On the other hand, diplomacy and negotiations not reined in by
ideological constraints, such as seems to be being practiced at this
time by the Obama administration, frees the parties to search out the
wisdom necessary for them to ease tensions and reach agreements. Two
stunning examples from the Middle East, only briefly noted here, are
the Israel-Egypt (1979) and the Israel-Jordan (1994) peace treaties.

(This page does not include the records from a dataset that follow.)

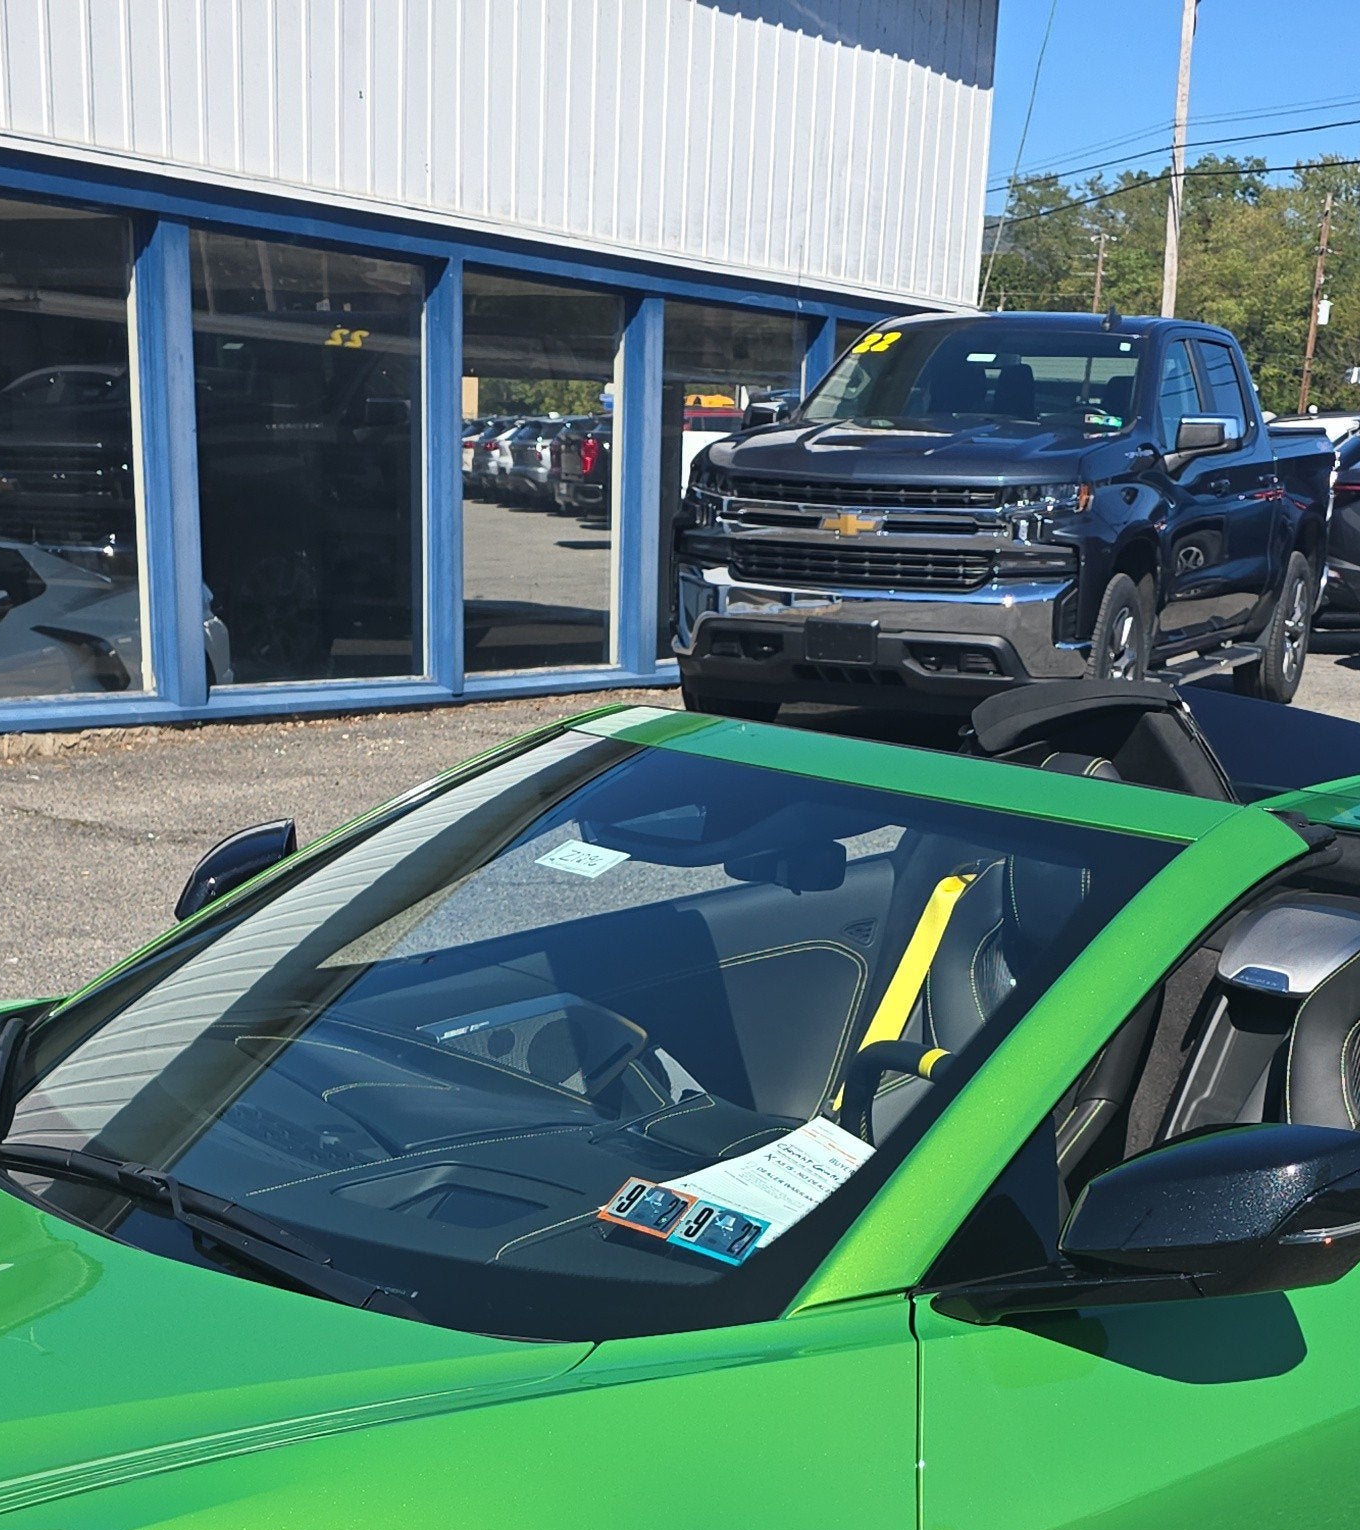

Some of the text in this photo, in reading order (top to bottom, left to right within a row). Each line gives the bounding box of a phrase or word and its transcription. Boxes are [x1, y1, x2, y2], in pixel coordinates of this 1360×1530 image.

[851, 331, 902, 355] 22
[616, 1184, 647, 1213] 9
[684, 1207, 763, 1256] 9 27
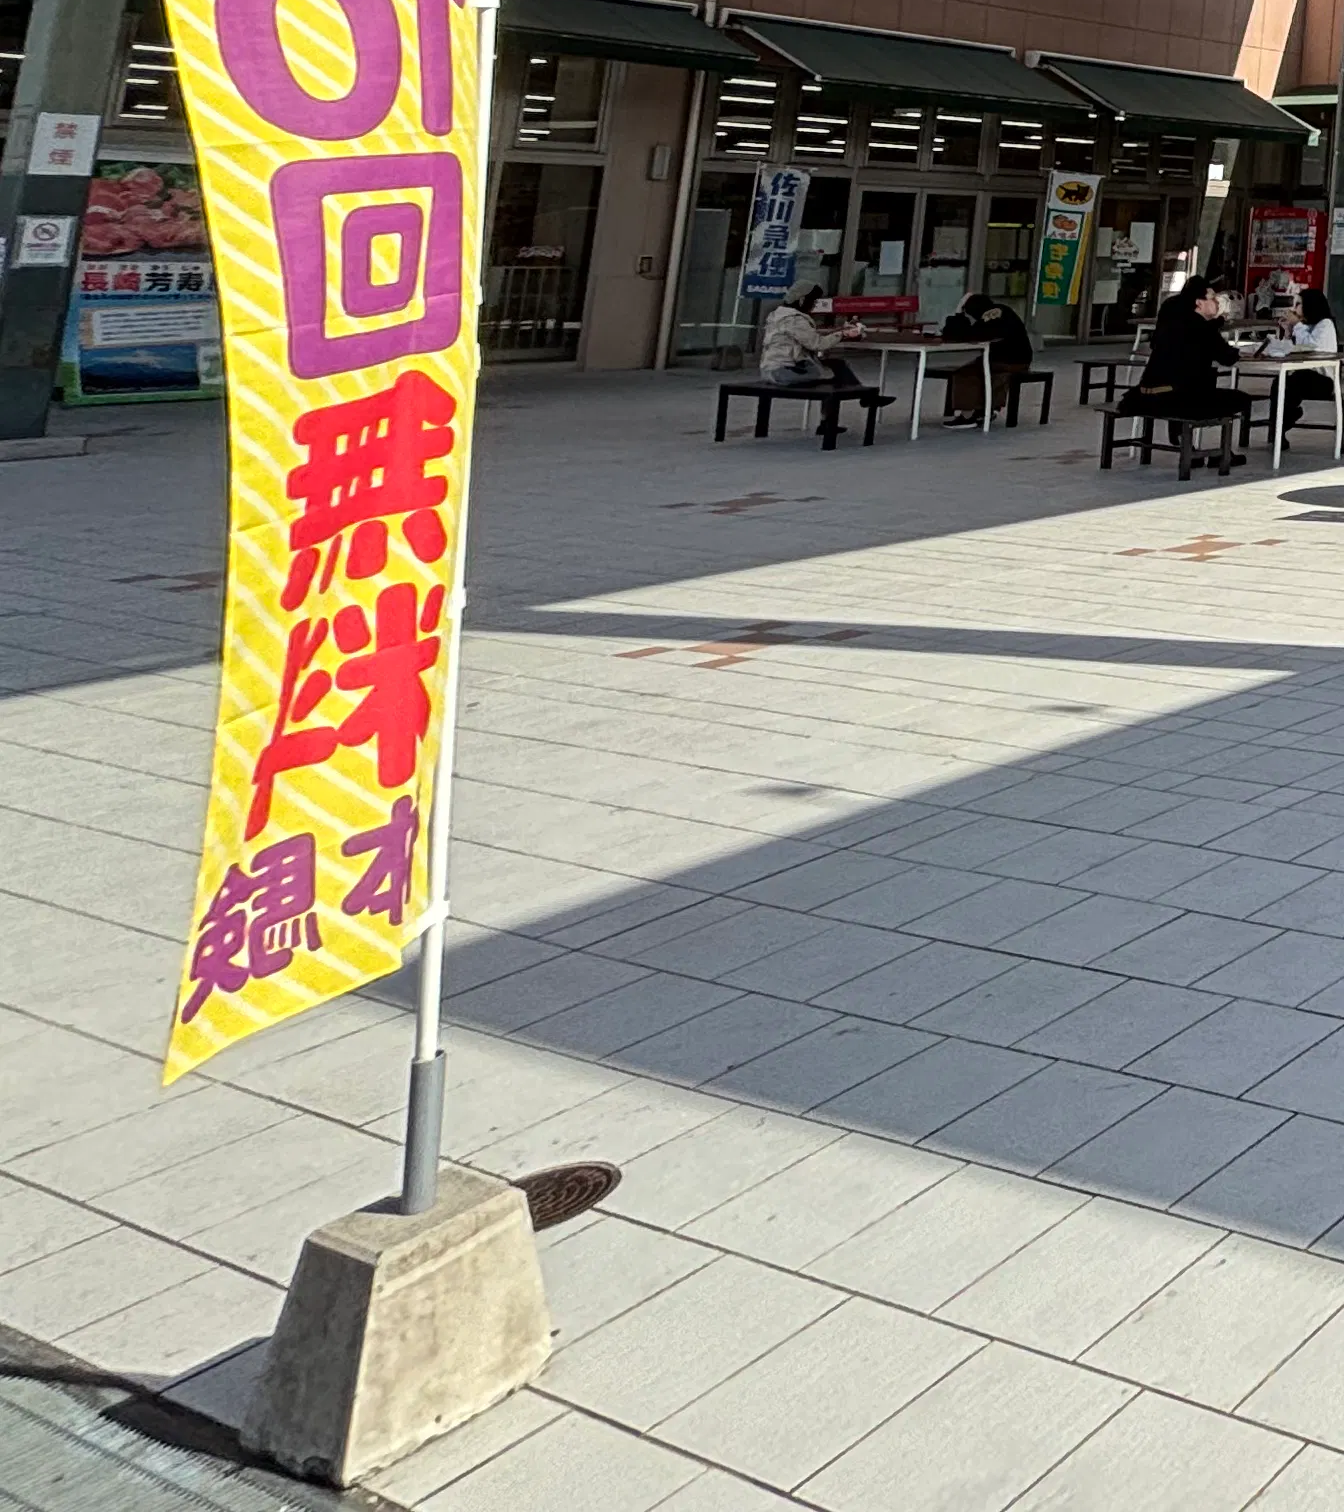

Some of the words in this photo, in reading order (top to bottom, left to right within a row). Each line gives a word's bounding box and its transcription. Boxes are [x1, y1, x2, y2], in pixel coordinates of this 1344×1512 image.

[759, 172, 801, 276] 佐川急便
[82, 271, 215, 292] 長崎芳寿
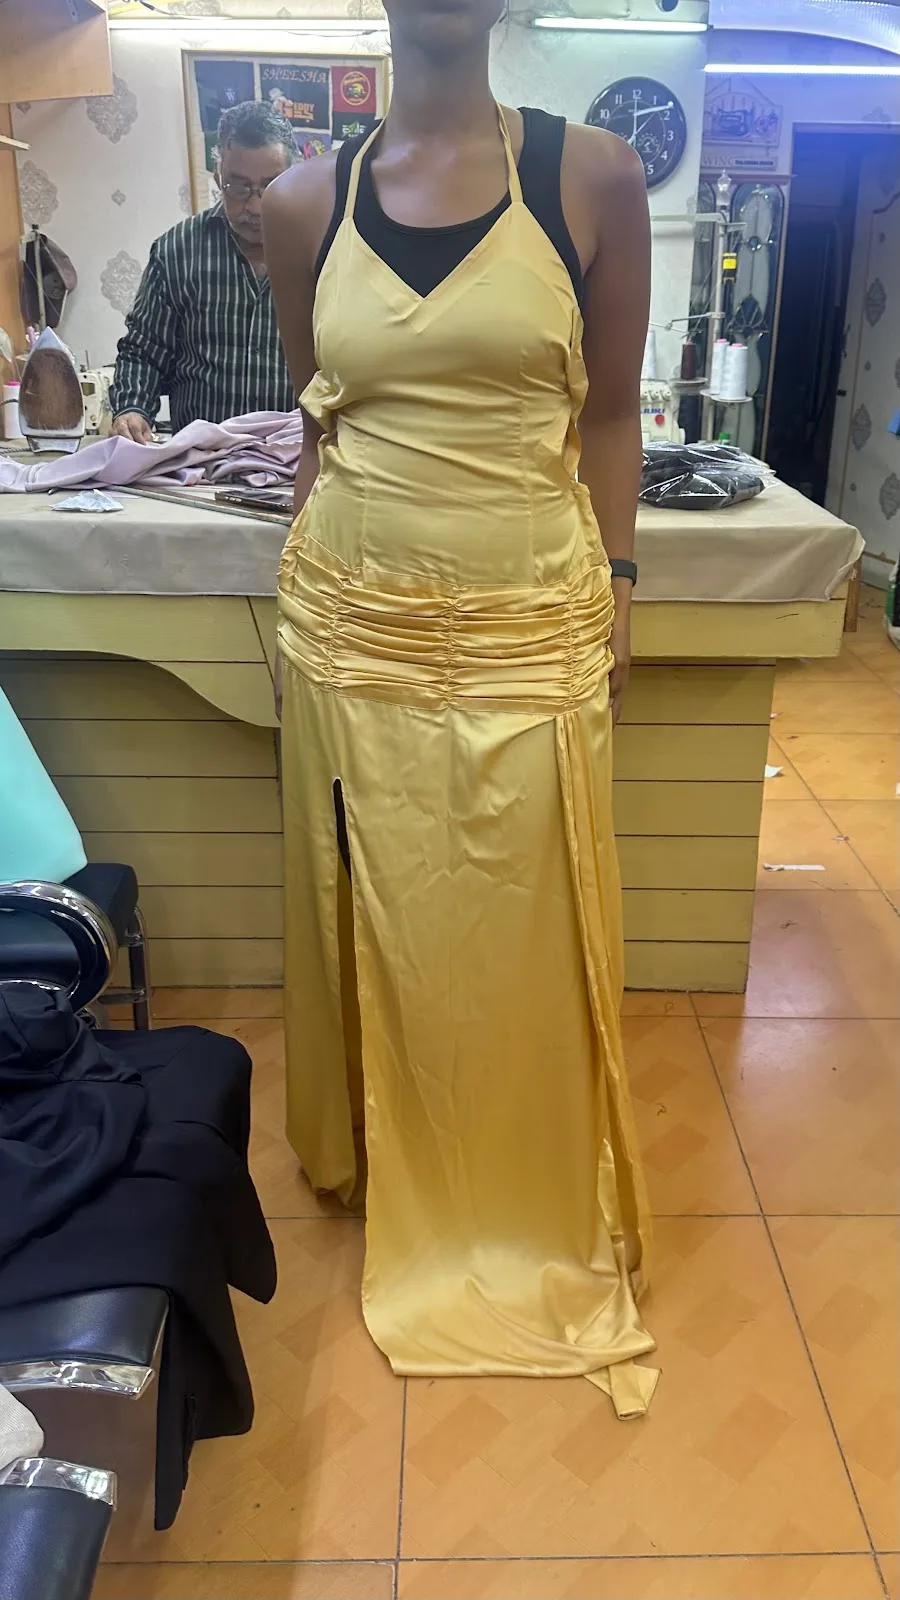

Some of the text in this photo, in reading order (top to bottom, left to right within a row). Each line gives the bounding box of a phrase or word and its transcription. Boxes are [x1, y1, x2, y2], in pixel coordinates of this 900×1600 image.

Many political ideologues in Israel and America had been arguing that
democracy in the Arab world was a necessary precondition for any
normalization of relations between Israel (a democracy) and her (more
autocratic) neighbors. Yet Israel managed to conclude peace treaties
with Egypt under Sadat, and with Jordan under King Hussein, and these
have both withstood perilous times. The wisdom
way involves diplomats, negotiators, and their teams in the exercise of
boundless sensitivity to the parties’ problems and great tact and
pacing when working toward an agreement. To get the parties to Yes,
wisdom helps negotiators submerge their own ideologies to show an
evenhandedness for gaining the confidence of all sides. It also helps
address what Dennis Ross, in Statecraft,
calls the parties’ “comfortable myths,” that they may see reality as it
really is and adjust expectations to that, to reach midpoints that both
sides can accept. Wise diplomats, then, are more
like dialecticians than apologists or polemicists. Imagine the absurd,
if not disastrous, outcomes if foreign ministers met across the table
during crises merely to vent political polemics or engage in religious
apologetics. Instead, wise diplomats and negotiators on both sides
could, I believe, take the toxicity out of U.S.–Iran relations.
“Negotiations are probably the most essential tool of statecraft,”
writes Ross. “Problems or crises can be resolved through
negotiations.... Every single instrument of statecraft in one way or
another involves negotiations.” In the
diplomatic field, you can’t move your counterparts in other nations out
just because you have a problem with them. Like professors in a college
environment, you’re stuck with your fellows, for decades perhaps, in
situations where intense conversations continually go on among you
about things that cannot keep being shoved aside but which have to be
negotiated, even basic ideas about the teaching and the research. This
plays a large role in why colleges and universities can and do renew,
if not reinvent, themselves over time. If they remain static, if their
institutions are non-negotiable, the world moves on, life begins to
pass them by. So, too, in the diplomatic field, which is likewise a
long-term environment for intense conversation, but one between
nations, where many are the things to think about and many the ways to
think about them. For international relations that are stuck in an
unacceptable status quo, the wisdom way enables diplomats and
negotiators to work together to apply insights and good judgments for
wise decisions for new ways ahead. Which brings us to the wisdom norm
of mutualism, and its amazing relevance and potential at the rough
intersection of the secular and the religious in Western–Middle East
relations. The wisdom norm of mutualism The
last shall be first. The wisdom norm of mutualism sheds light on mutual
or common ground. Having read this, readers will immediately be
reminded of the almost limitless supply of interfaith and multifaith
activity that has arisen over the past decade or more. Although the
wisdom norm of mutualism plays a huge role in that field, that subject
is for another time. Here, I want us to think about the special agency
of mutual cooperation that the norm possesses for human relations and
their structures when minding the gap between the religious and the
secular. As the British philosopher and theologian John Peck has helped
me to understand: wisdom concentrates on interests, concerns, and
values that are shared by the human family as a whole before a distinction is made about who is religious and who is not. (Let that sink in.)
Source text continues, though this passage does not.